Néanmoins, au plan pratique, un dépôt de garantie est généralement exigé par le propriétaire du fonds de commerce. Pour assurer l’exécution des charges et conditions du contrat de location-gérance, et notamment du paiement de la redevance, des accessoires, et en général de toutes les sommes à la charge du locataire-gérant, ainsi que du paiement de celles dont le loueur des fonds pourrait être rendu responsable du chef du locataire-gérant mais aussi de la restitution des divers éléments du fonds de commerce loué, les parties conviennent le plus souvent de fixer un dépôt de garantie. Dans cas, il est généralement précisé que le dépôt de garantie est détenu à titre de nantissement et de gage, conformément aux dispositions des articles 2333 et suivants du Code Civil, et qu’il devra être déposé par le loueur de fonds, le jour de la cessation du contrat de location-gérance entre les mains d’un tiers en qualité de séquestre amiable, choisi d’un commun accord entre les parties à la signature du contrat de location-gérance.

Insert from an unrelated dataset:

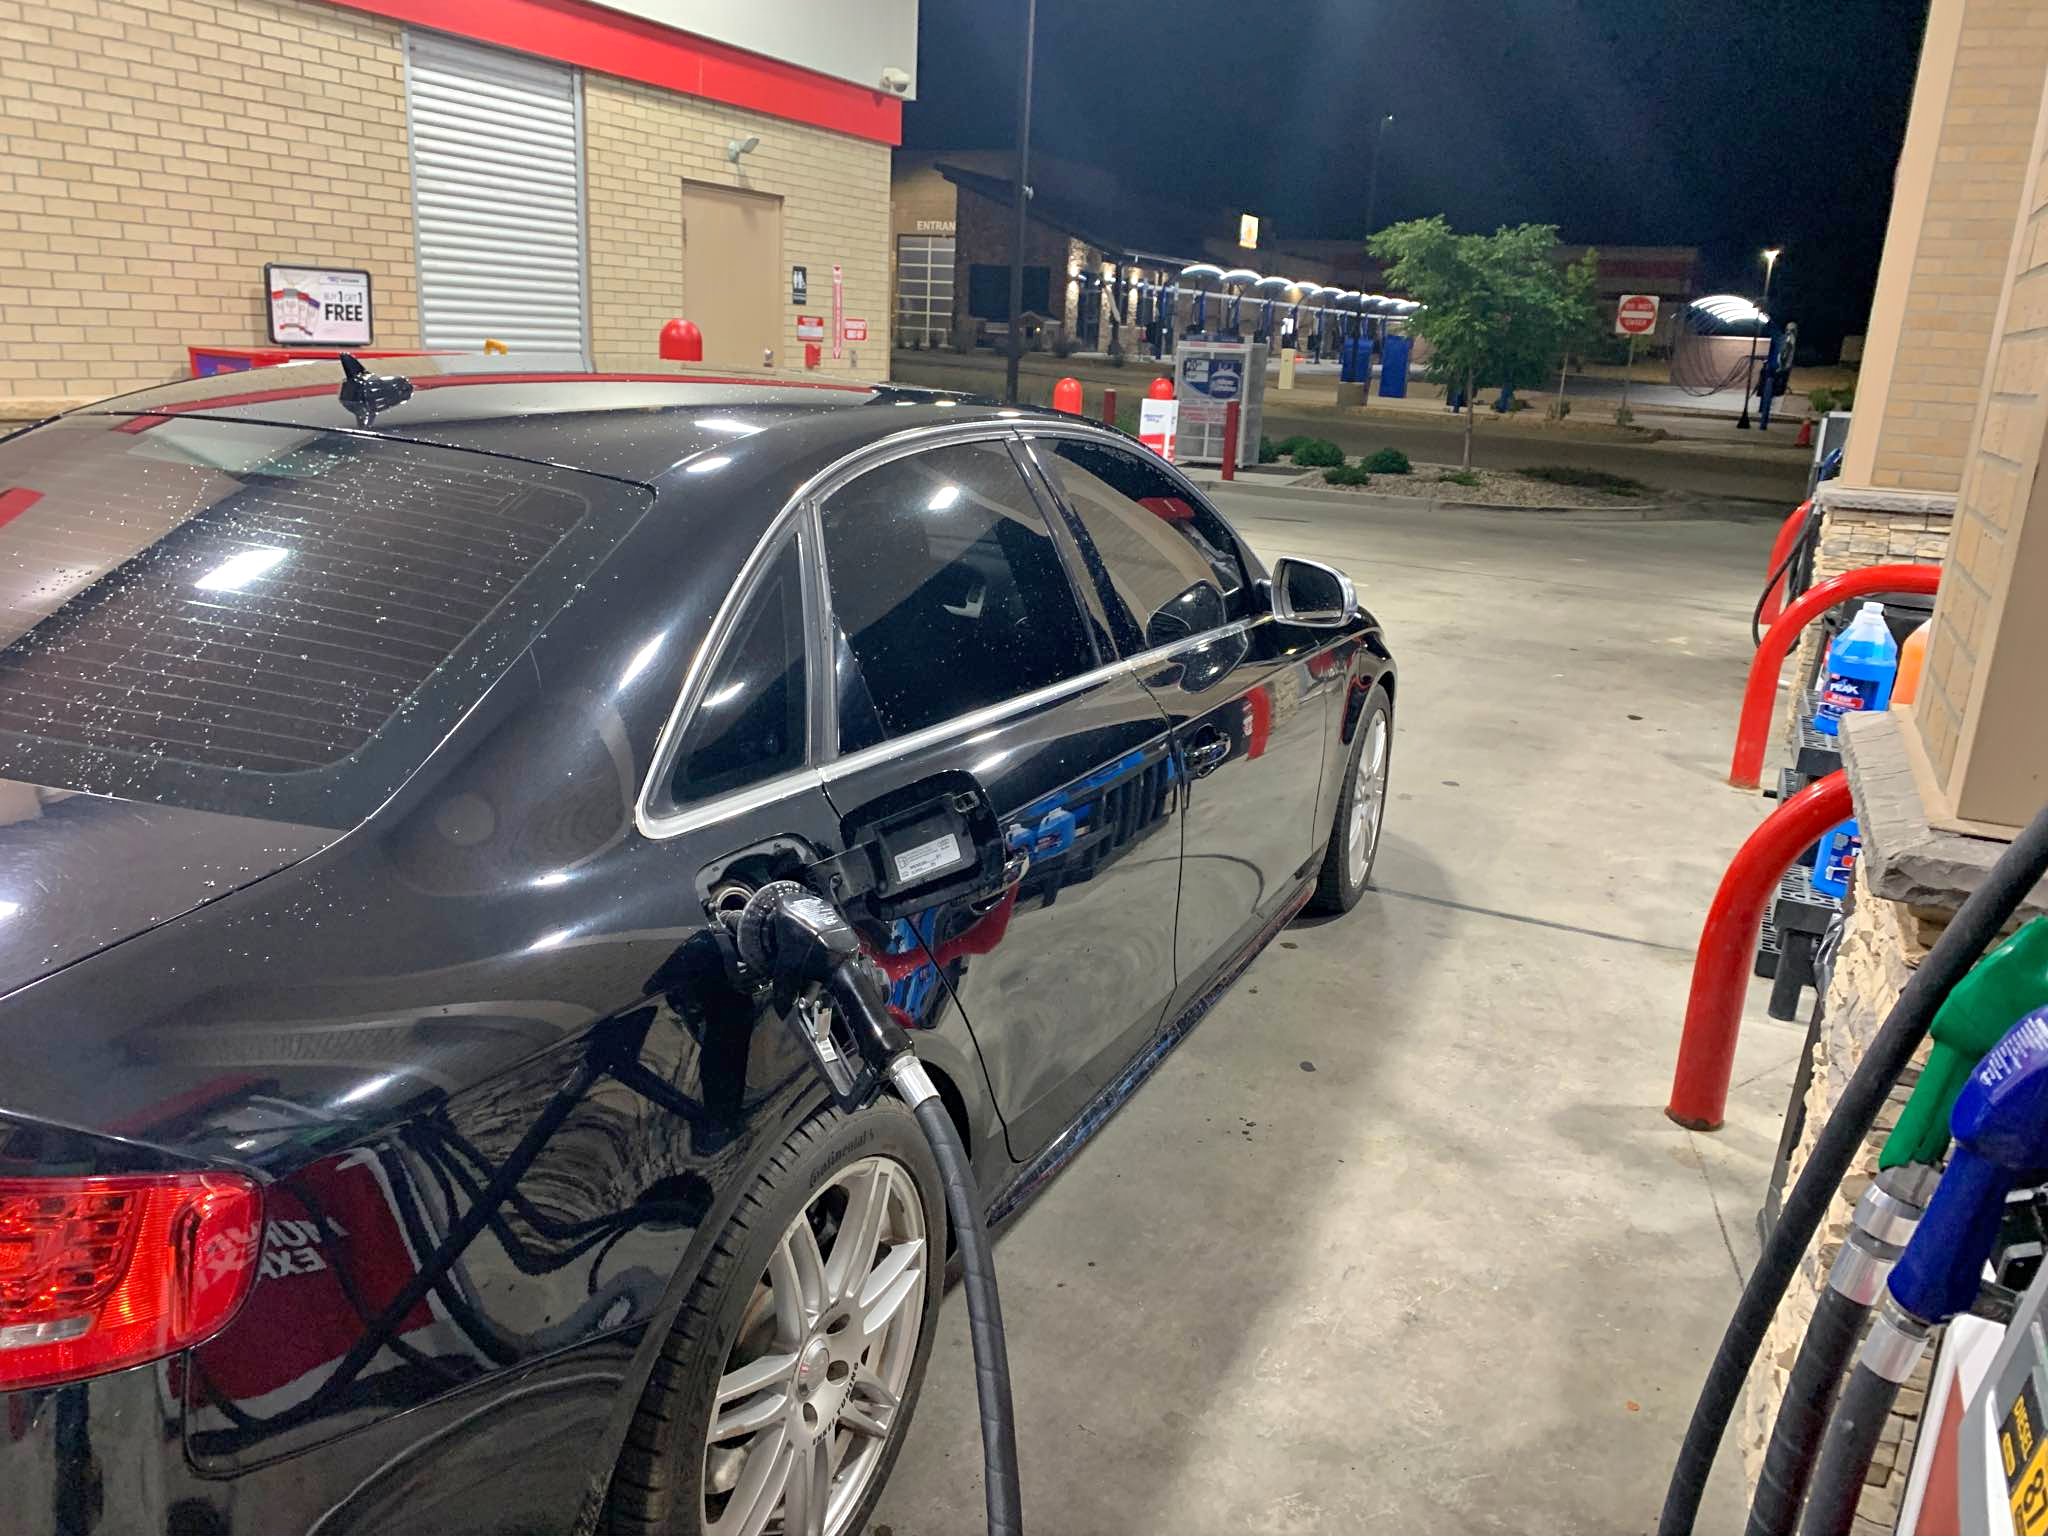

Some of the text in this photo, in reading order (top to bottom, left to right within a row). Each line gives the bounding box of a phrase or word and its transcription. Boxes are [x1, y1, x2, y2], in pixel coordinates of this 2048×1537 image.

De même, le contrat de location-gérance prévoit qu’à sa cessation, si le loueur de fonds l’exigeait, le montant de toutes les sommes à recevoir par le locataire-gérant sortant, notamment le montant du stock, la balance des comptes de prorata si elle est créditrice, sera adjoint au dépôt de garantie, lequel sera remis, le même jour, au séquestre. Il est généralement précisé que le séquestre devra restituer le dépôt de garantie, au locataire-gérant sur justification du paiement des charges et frais généraux ainsi que des taxes et impôts dus par le gérant, dont le loueur de fonds pourrait être responsable et après obtention en outre, des mainlevées des oppositions éventuelles formées par les créanciers entre les mains du séquestre, le tout de sorte que le loueur de fonds ne soit personnellement l’objet d’aucune poursuite du chef des créanciers du locataire-gérant et ne subisse aucun recours.

Question n°5 : Qu’est-ce que la location-gérance avec investissement ?

FLS : Le contrat de location-gérance avec investissement présente la particularité d’exiger du locataire-gérant qu’il réalise un investissement, au moment de la signature du contrat, le plus souvent destiné à financer l’aménagement intérieur du fonds de commerce qu’il s’apprête à exploiter.

Dans ce cas, le locataire-gérant percevra le plus souvent – mais pas nécessairement – une indemnité au moment de la cessation du contrat de location-gérance.

Question n°6 : Le locataire-gérant peut-il bénéficier de la valorisation du fonds de commerce ?

FLS : A l’expiration du contrat, sauf stipulations contraires – rares en pratique –,  le preneur ne peut pas prétendre au renouvellement ou à une indemnité puisqu’il ne bénéficie pas de la propriété commerciale. Il est tenu de restituer le fonds de commerce auquel il a pu apporter une plus-value sans pouvoir prétendre à une indemnité sauf si le contrat a prévu cette possibilité.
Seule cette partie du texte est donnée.